Background/objectives: Insufficient blood supply to the heart results in ischemic injury manifested clinically as myocardial infarction (MI). Following ischemia, inflammation is provoked and related to the clinical outcomes. A recent basic science study indicates that complement factor MASP-2 plays an important role in animal models of ischemia/reperfusion injury. We investigated the role of MASP-2 in human acute myocardial ischemia in two clinical settings: (1) Acute MI, and (2) Open heart surgery.
Methods: A total of 187 human subjects were enrolled in this study, including 50 healthy individuals, 27 patients who were diagnosed of coronary artery disease (CAD) but without acute MI, 29 patients with acute MI referred for coronary angiography, and 81 cardiac surgery patients with surgically-induced global heart ischemia. Circulating MASP-2 levels were measured by ELISA.

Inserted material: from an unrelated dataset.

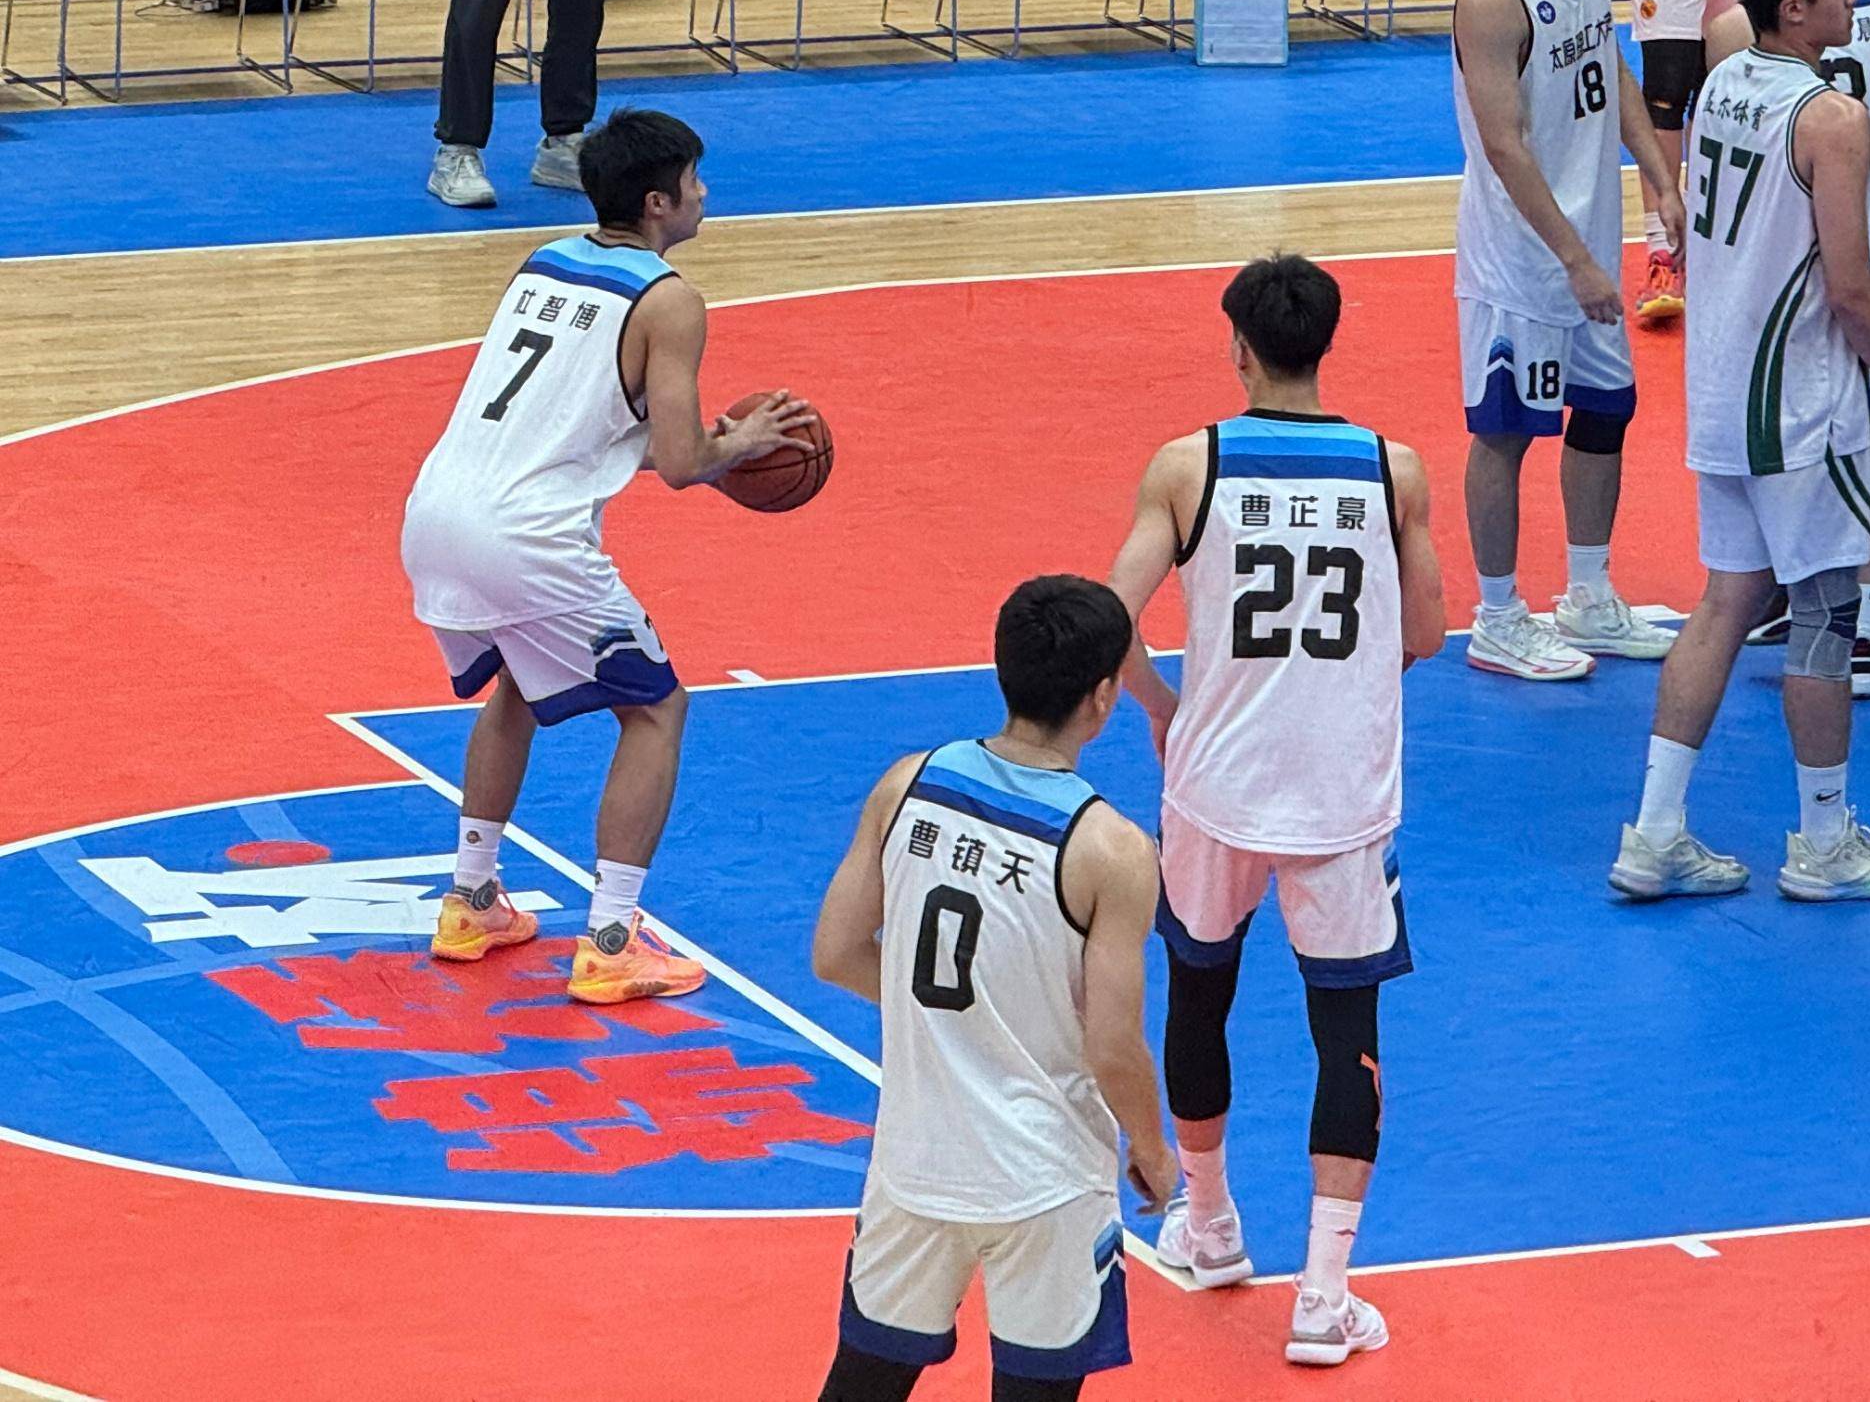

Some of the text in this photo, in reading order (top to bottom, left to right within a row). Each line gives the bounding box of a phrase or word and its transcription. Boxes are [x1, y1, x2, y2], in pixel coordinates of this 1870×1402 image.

Results: MASP-2 levels in the peripheral circulation were significantly reduced in MI patients compared with those of healthy individuals or of CAD patients without acute MI. The hypothesis that MASP-2 was activated during acute myocardial ischemia was evaluated in cardiac patients undergoing surgically-induced global heart ischemia. MASP-2 was found to be significantly reduced in the coronary circulation of such patients, and the reduction of MASP-2 levels correlated independently with the increase of the myocardial necrosis marker, cardiac troponin I.
Conclusions: These results indicate an involvement of MASP-2 in ischemia-related necrotic myocardial injury in humans.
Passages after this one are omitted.